* _Problem to work on_: Transcribe the data that follows in full. Leave out the pictures.

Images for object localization
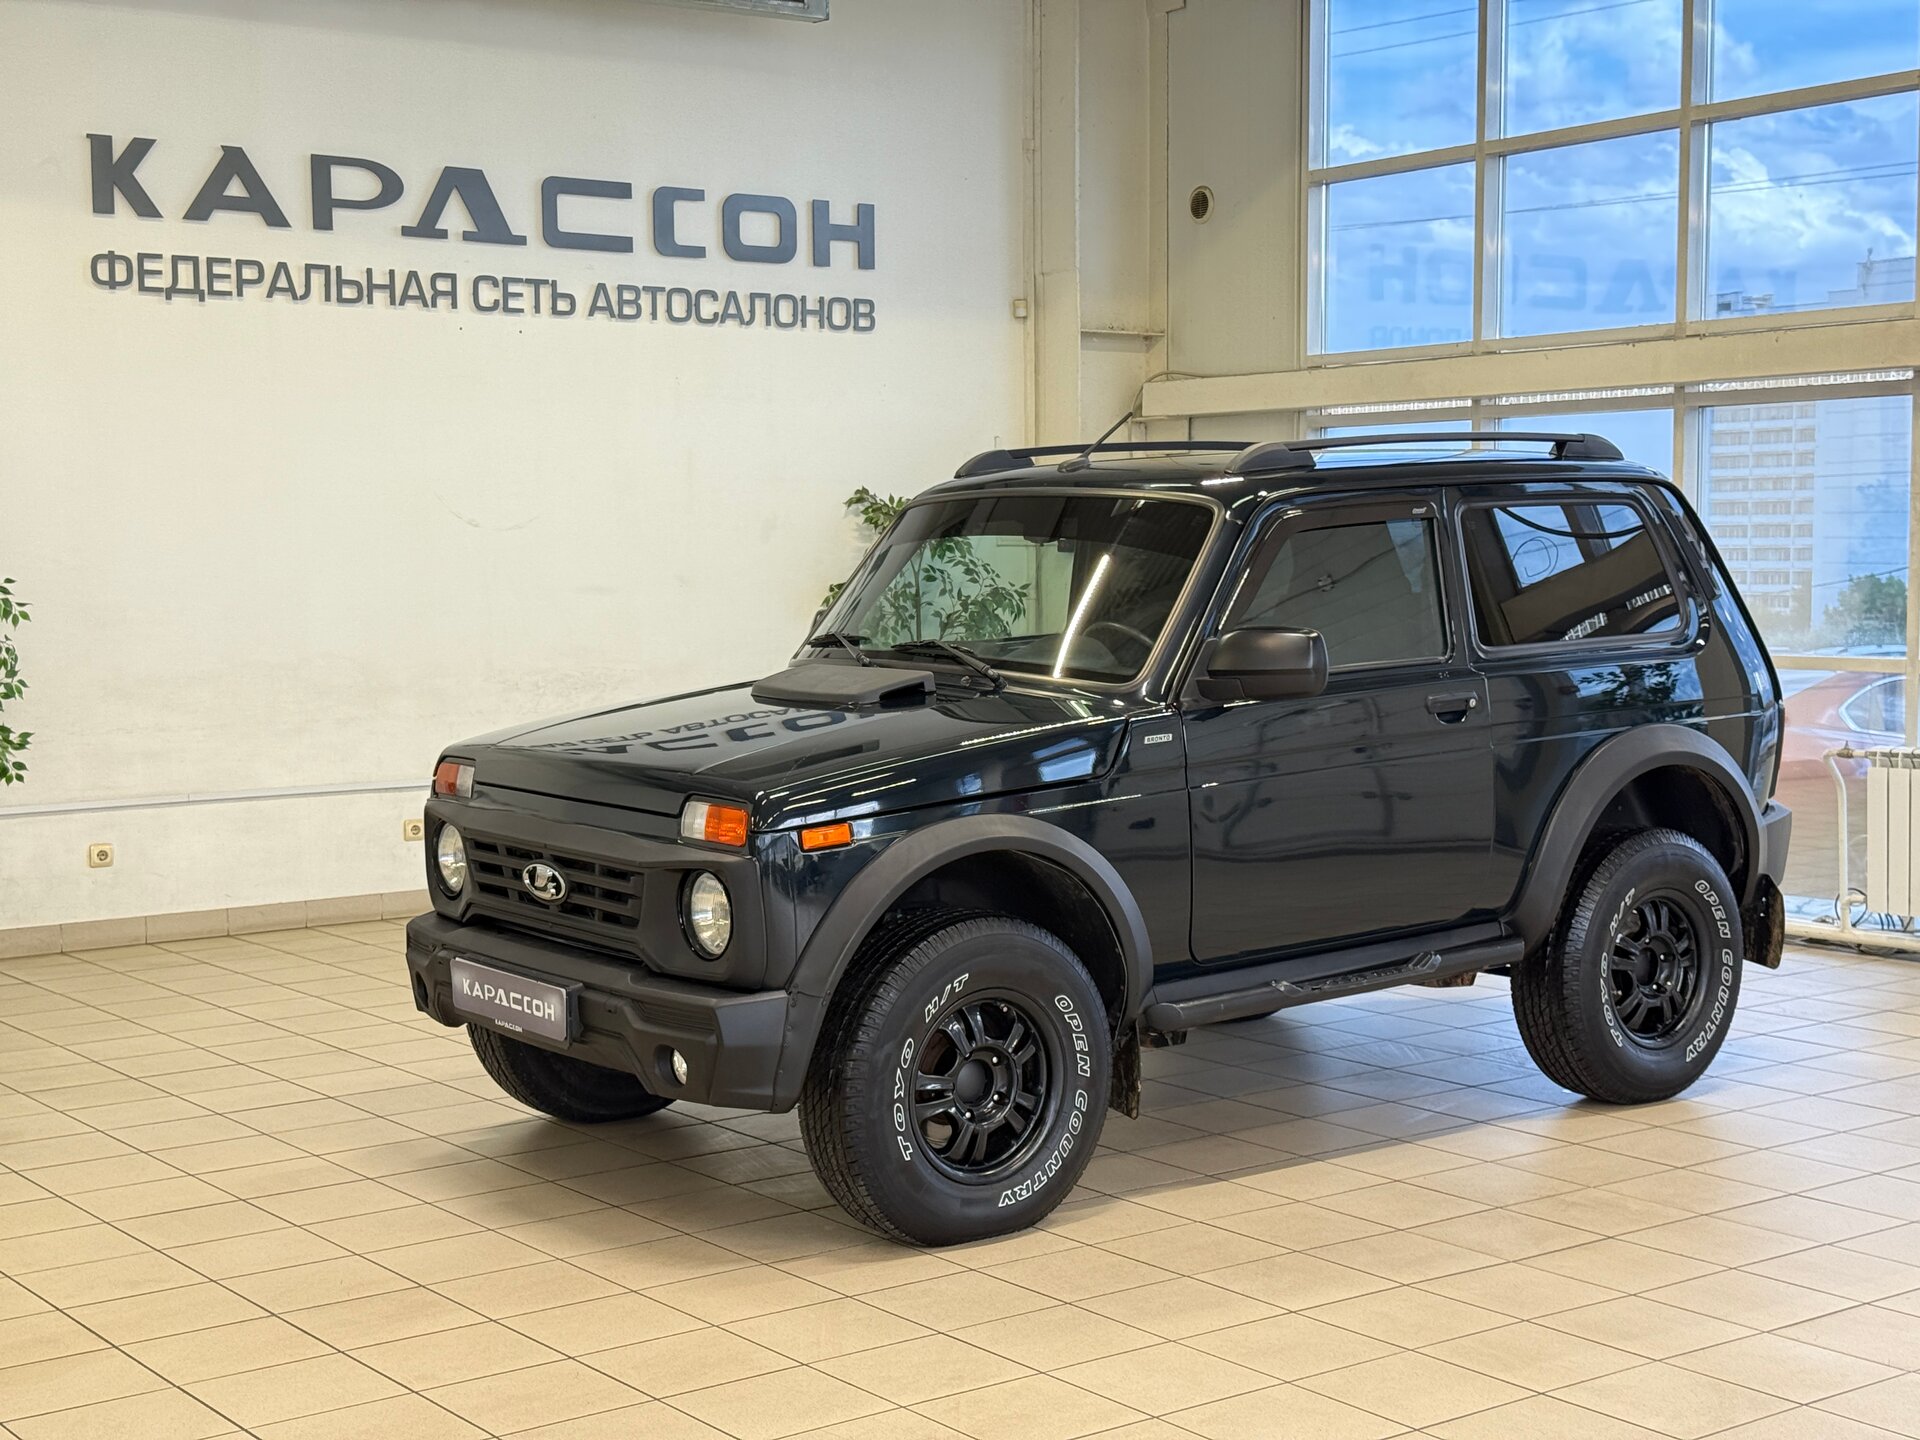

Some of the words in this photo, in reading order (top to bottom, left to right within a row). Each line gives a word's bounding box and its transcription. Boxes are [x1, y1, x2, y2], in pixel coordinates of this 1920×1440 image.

[90, 250, 458, 311] ФЕДЕРАЛЬНАЯ
[472, 274, 576, 317] СЕТЬ
[588, 282, 876, 333] АВТОСАЛОНОВ
[1694, 879, 1732, 939] OPEN
[1054, 994, 1091, 1078] OPEN
[1600, 951, 1623, 1048] TOYO
[1685, 948, 1733, 1063] COUNTRY
[893, 1037, 915, 1162] TOYO
[924, 973, 970, 1024] H/T
[998, 1089, 1088, 1208] COUNTRY
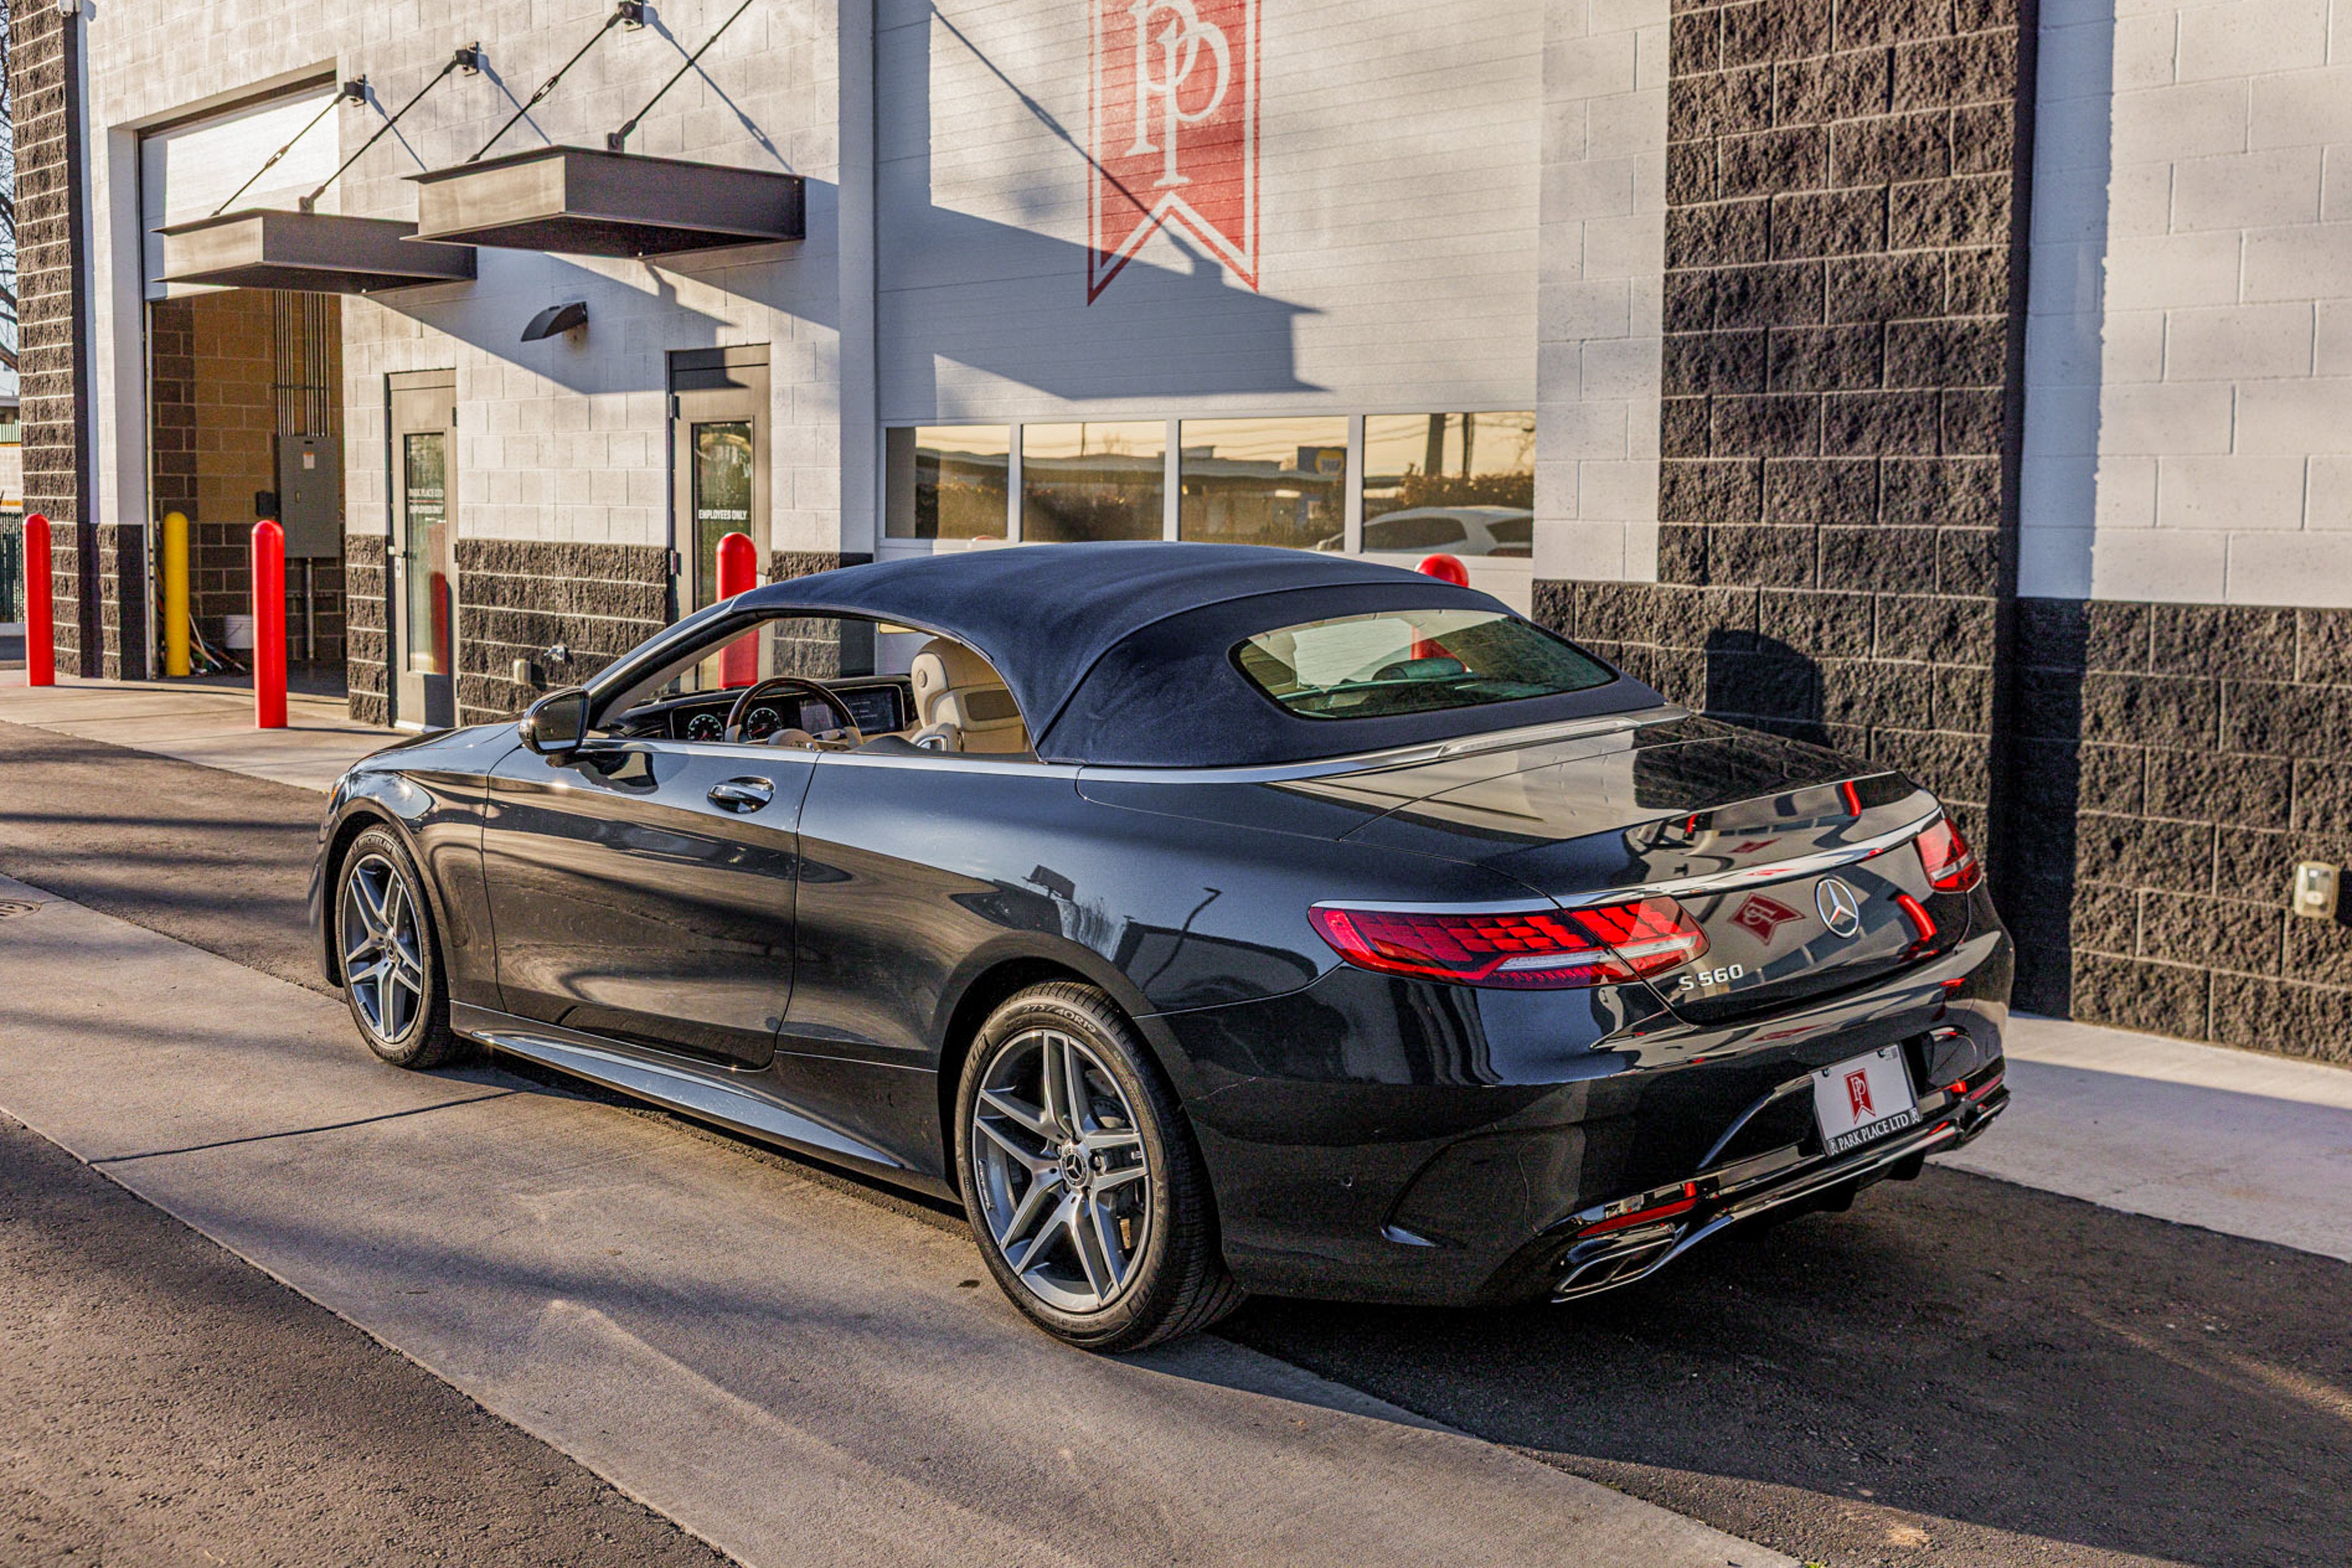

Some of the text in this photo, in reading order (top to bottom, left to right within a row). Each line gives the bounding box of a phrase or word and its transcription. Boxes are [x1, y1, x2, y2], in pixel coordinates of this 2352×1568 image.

[698, 509, 747, 520] EMPLOYEES ONLY
[1678, 964, 1744, 991] S 560
[1837, 1130, 1863, 1151] PARK
[1860, 1120, 1890, 1141] PLACE
[1889, 1113, 1908, 1131] LTD

* _Answer_:
Some of the words in this photo, in reading order (top to bottom, left to right within a row). Each line gives a word's bounding box and its transcription. Boxes are [x1, y1, x2, y2], in pixel coordinates of this 1920×1440 image.

[90, 250, 458, 311] ФЕДЕРАЛЬНАЯ
[472, 274, 576, 317] СЕТЬ
[588, 282, 876, 333] АВТОСАЛОНОВ
[1694, 879, 1732, 939] OPEN
[1054, 994, 1091, 1078] OPEN
[1600, 951, 1623, 1048] TOYO
[1685, 948, 1733, 1063] COUNTRY
[893, 1037, 915, 1162] TOYO
[924, 973, 970, 1024] H/T
[998, 1089, 1088, 1208] COUNTRY

Some of the text in this photo, in reading order (top to bottom, left to right within a row). Each line gives the bounding box of a phrase or word and its transcription. Boxes are [x1, y1, x2, y2], in pixel coordinates of this 2352×1568 image.

[698, 509, 747, 520] EMPLOYEES ONLY
[1678, 964, 1744, 991] S 560
[1837, 1130, 1863, 1151] PARK
[1860, 1120, 1890, 1141] PLACE
[1889, 1113, 1908, 1131] LTD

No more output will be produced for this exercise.